GOSS Ph3 PROSERA Readout
I'm a bit skeptical
This has been getting some attention here into Feb, and rightly so, as it’s probably a +200%/-90% binary event, give or take! I lean negative based on the total body of evidence. Obviously, we’ll find out for sure in a couple of weeks or so. I do expect longs to be greatly rewarded, if they are correct!
Let’s start with the imatinib hypothesis, which is the parent drug that has since spawned varying takes on the thesis in GOSS, AVTE, and now IKT. This data is interesting because it has yet to be replicated with any other TKI so many years later. The imatinib Ph3 publication is available here. The 6MWD data is stat sig positive, as you can see below:
However, the dropouts here are controversial. The largest jump in benefit also includes the 2nd most dropouts of any period, and the most dropouts after the first 4 weeks. The stats for the trial remain positive even when conducting various sensitivity analyses to account for the dropouts, which is a positive:
That being said, this is almost a 40% dropout rate by the end of the trial! I think it’s absolutely possible that this data is simply selecting for patients seeing an outlier benefit. This was never commercialized in part because the safety profile of the drug is horrid, so it’s quite reasonable that those seeing little to no benefit would drop out. By the time you get to that first impressive time point at week 12, around a quarter of the drug arm has already dropped out!
Some of the only data considering the entire population shows no separation at all vs. placebo:
I’m sure the safety profile doesn’t help with clinical worsening to some extent, but I think seeing no separation at all, and even numerically worse data on drug in some cases, is still alarming.

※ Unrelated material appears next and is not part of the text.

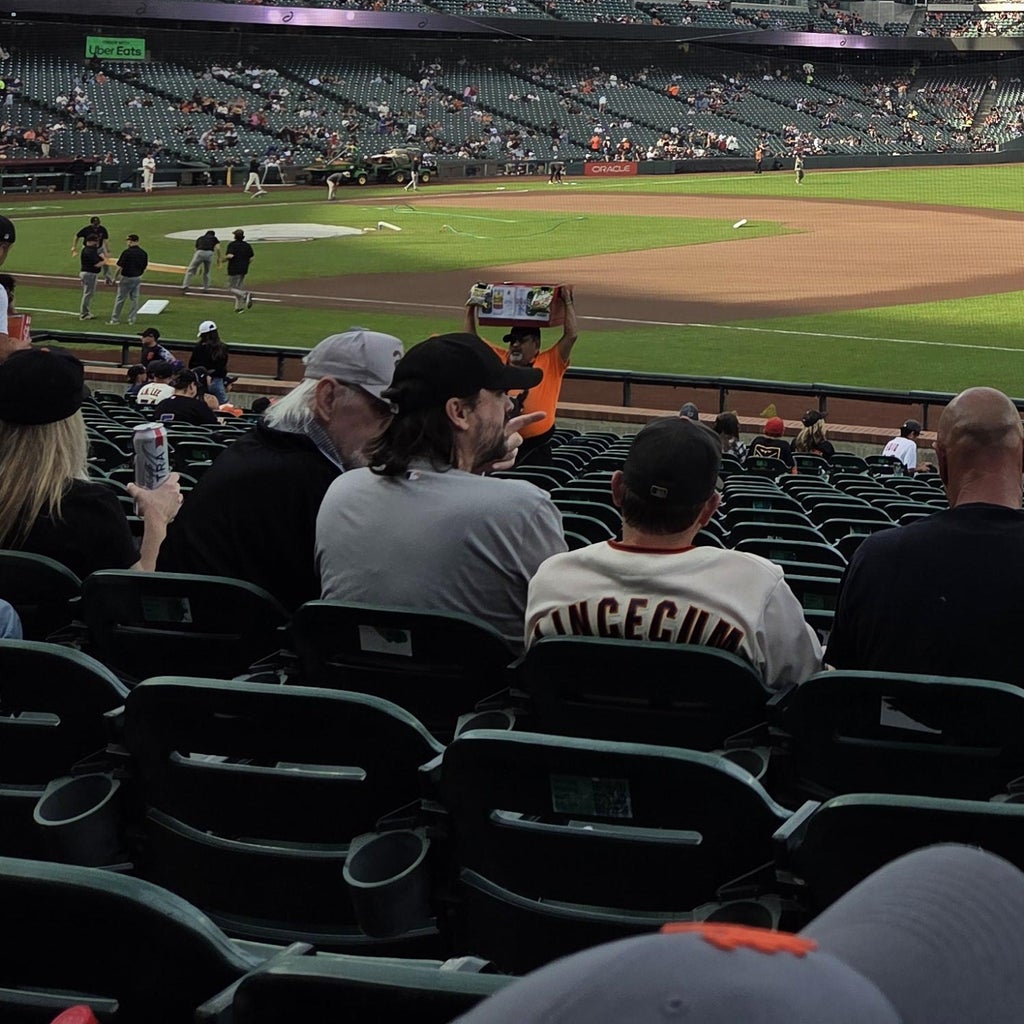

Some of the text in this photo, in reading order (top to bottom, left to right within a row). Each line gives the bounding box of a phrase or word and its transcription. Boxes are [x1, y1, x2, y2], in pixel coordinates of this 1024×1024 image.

[89, 45, 142, 56] Uber Eats
[592, 165, 630, 173] ORACLE

Some of the backdrop here for the drug not being commercialized in PAH includes the safety/regulatory case, as well as the relatively short remaining patent life of the drug. I think an understated component of the issue here could be the dropouts, and lack of support on some of the secondary endpoints. Dropout bias driving this efficacy data would be one alternative explanation for why other TKIs never worked, why AVTE never worked, why it’s still yet to be replicated successfully in another form so many years later. Sure, maybe AVTE is an isolated event proving that crushed-up imatinib doesn’t work. I think it’d be foolish to rule out that systemic concentrations may be required for efficacy, though. In any event, I think it’s worth considering that the key hypothesis to this entire space isn’t quite as cut and dry as it’s made out to be.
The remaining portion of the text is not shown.